Write every entry out again exactly, please, and skip the pictures.

▶ **DATA PROVIDED**:

----

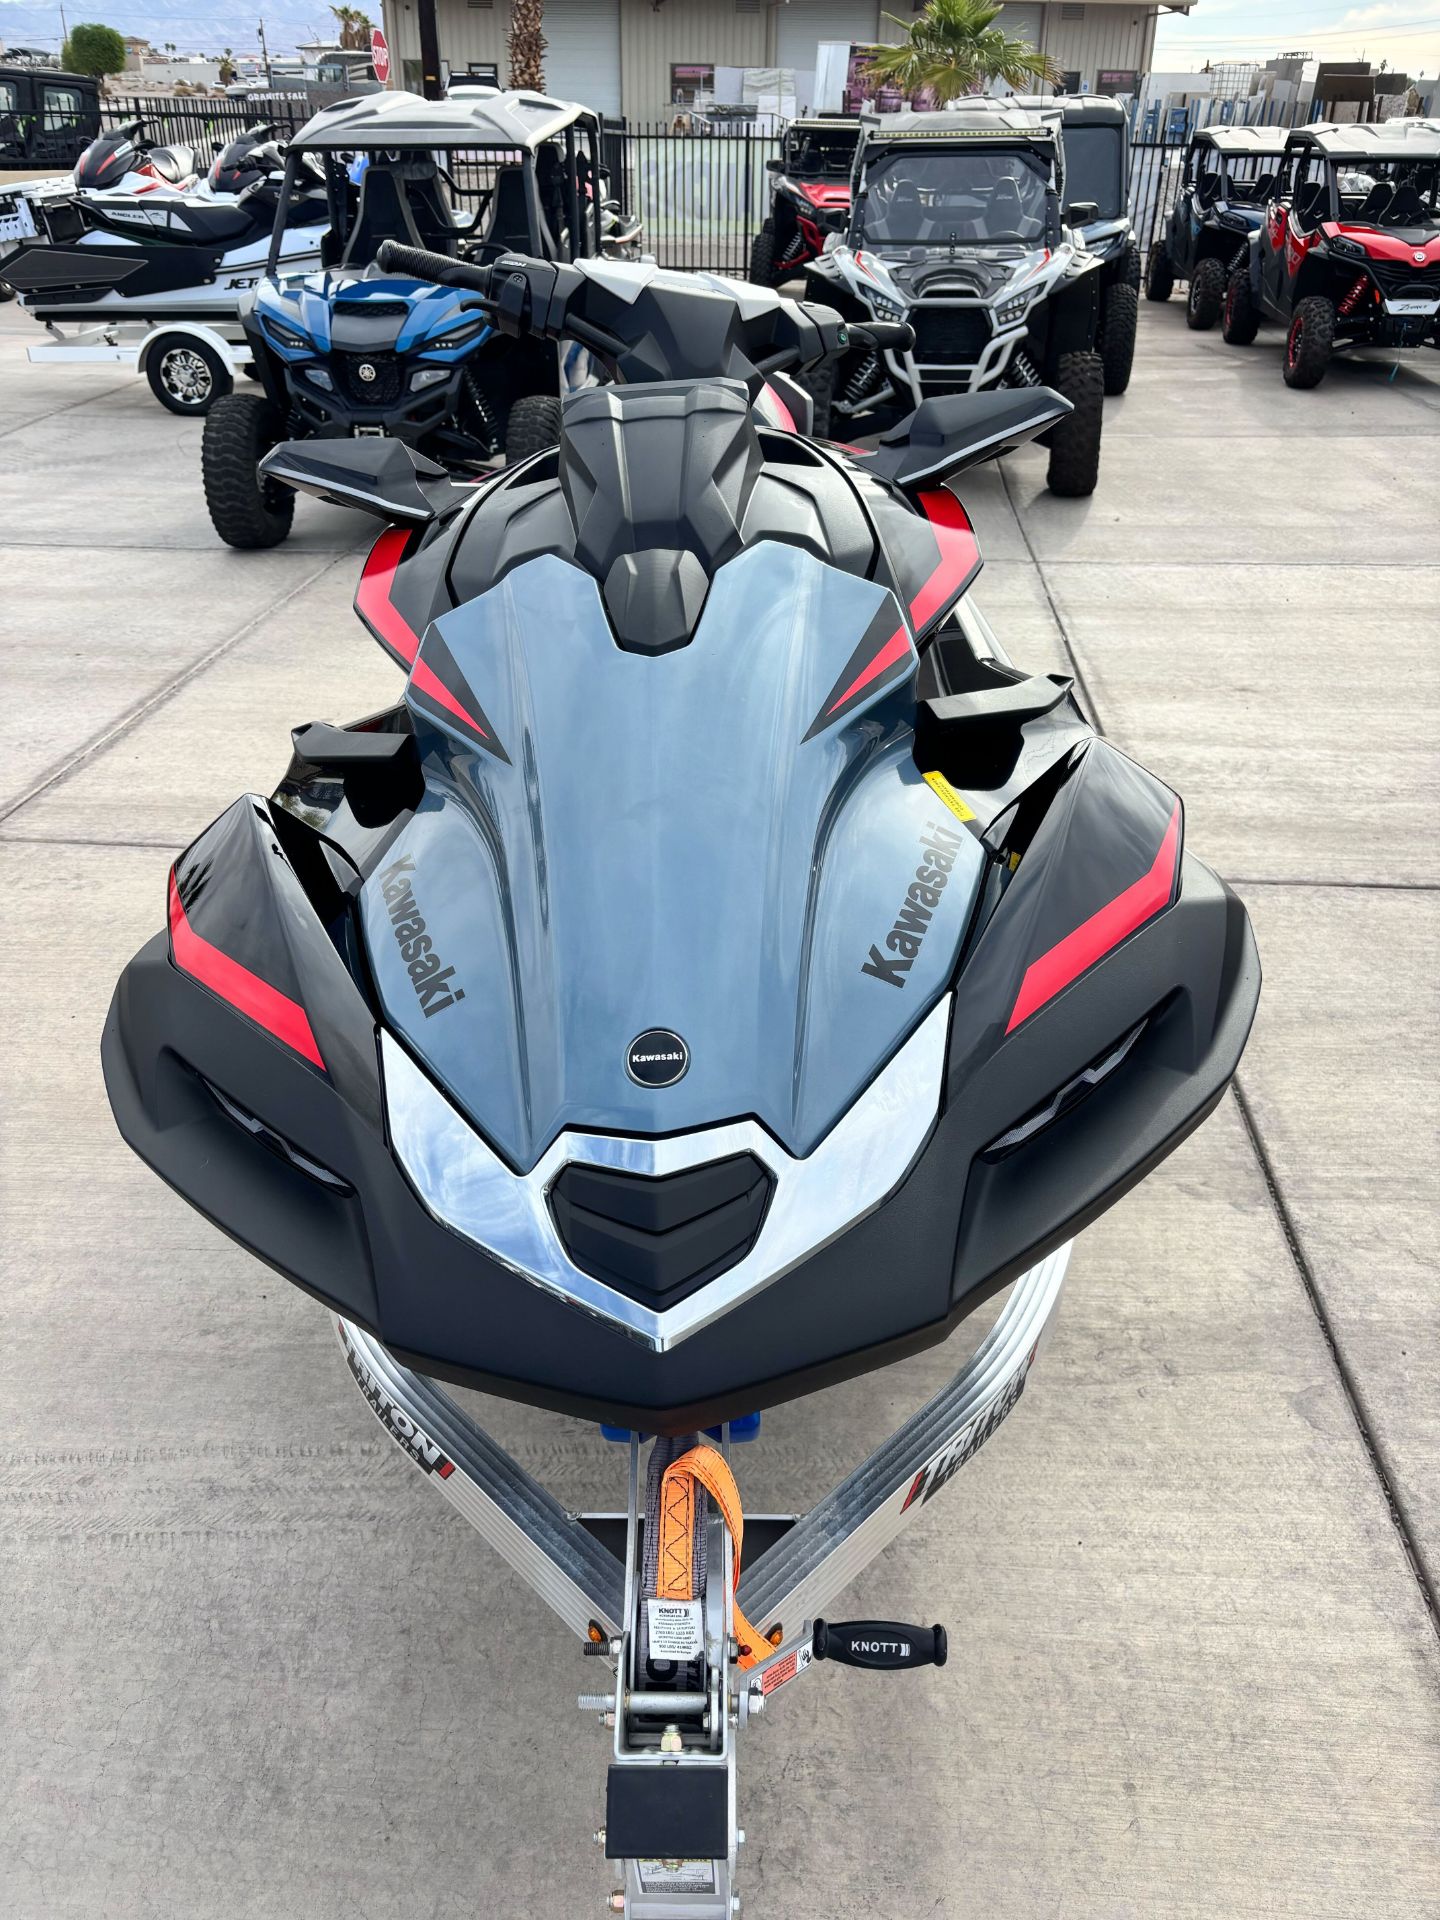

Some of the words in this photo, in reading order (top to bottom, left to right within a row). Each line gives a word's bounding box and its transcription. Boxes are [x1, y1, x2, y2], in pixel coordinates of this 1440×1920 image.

[373, 46, 388, 66] STOP
[248, 92, 285, 101] GRANITE
[111, 211, 144, 220] ANGLER
[861, 821, 963, 988] Kawasaki
[379, 853, 466, 1018] Kawasaki
[632, 1052, 683, 1063] Kawasaki
[356, 1372, 420, 1461] TRAILERS
[851, 1641, 898, 1653] KNOTT

----

▶ **RESULT**:
Some of the words in this photo, in reading order (top to bottom, left to right within a row). Each line gives a word's bounding box and its transcription. Boxes are [x1, y1, x2, y2], in pixel coordinates of this 1440×1920 image.

[373, 46, 388, 66] STOP
[248, 92, 285, 101] GRANITE
[111, 211, 144, 220] ANGLER
[861, 821, 963, 988] Kawasaki
[379, 853, 466, 1018] Kawasaki
[632, 1052, 683, 1063] Kawasaki
[356, 1372, 420, 1461] TRAILERS
[851, 1641, 898, 1653] KNOTT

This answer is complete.